Archive for December, 2008

Amethyst and Fragment Caching

Monday, December 29th, 2008

Amethyst quickly grows to be a CPU hog, even for a single user. I’m now working my way through speed ups. Database access has been tweaked a lot, yielding better than 10x speed ups in certain areas. (Bypassing ActiveRecord and JOIN tables for direct SQL and keeping the necessary data in the article to reconstruct the join on the fly. It works, I measured.) This was successful enough that rendering is now the bottleneck.

My first at fragment caching was by feed (each with up to 25 unread articles visible). The speed up was significant, a refresh was 3-4 times faster than the initial view. However, each channel is updated once an hour (1/12 of channels every 5 minutes). So the fragment cache quickly grows stale and is totally out of date in an hour.

The next stab was caching article fragments. Articles can persist for months and only need to be rendered once until some action is taken (click-thru, vote up/down, or hide, i.e. mark as seen but not read). The article fragment cache grows stale much slower. However, there are 12 times as many articles as channels. The speed up is less impressive, 2 times faster refreshes.
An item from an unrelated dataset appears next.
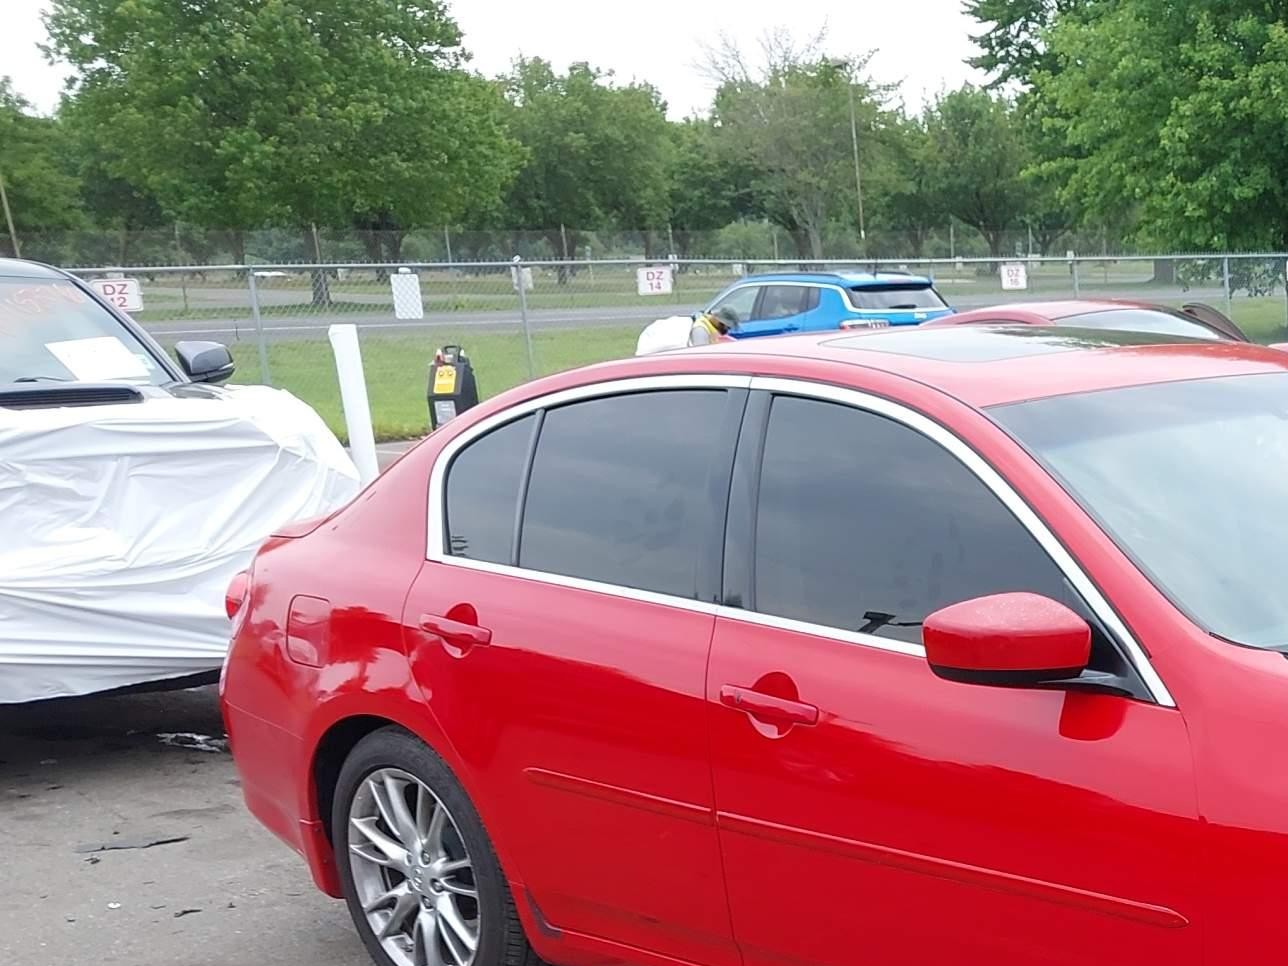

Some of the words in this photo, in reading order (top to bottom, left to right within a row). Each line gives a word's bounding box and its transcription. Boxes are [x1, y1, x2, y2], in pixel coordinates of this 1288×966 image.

[646, 271, 664, 281] DZ
[102, 283, 128, 295] DZ
[648, 281, 662, 291] 14
All in all, I’m sticking with the article fragment cache. (Note: all work has been done with the memory storage mechanism, essentially a hash.) I’ll be posting the details of how to cajole the 3 fragment caching mechanisms that don’t explicitly implement timestamp expiry to do it anyway (mem_cache already does). I tried posting the whole mess earlier and WordPress was barfing on permission problems. Hopefully it can handle smaller bites

Testing Rails Apps and Off-line Indexing Search Engines

Tuesday, December 9th, 2008

For a variety of technical reasons, most of the full-text search engines available for Ruby on Rails do off-line indexing. (Changes to the indexed tables are added to a queue that is processed in a cronjob, i.e., changes do not show up immediately in indexes). Examples of off-line indexing search engines are Xapian, Sphinx, and Hyper-Estraier. I think all three retrieve records for indexing directly from the database. This causes problems in testing.

To speed up testing, Rails does not commit any changes to the database made from individual tests. The lot is discarded in a rollback of a transaction started at the beginning of each test. Fast, but programs outside the Rails stack do not see the changes. Even after I jumped through hoops to run the index update program within a test.

Loading the fixtures, indexing them, and then running the tests works if fixtures are all the tests search for. In MySQL, the statement “SET SESSION TRANSACTION ISOLATION LEVEL READ UNCOMMITTED” will work around the limitation, but it’s non-portable and I’d have to maintain some hacked third-party code. No thanks.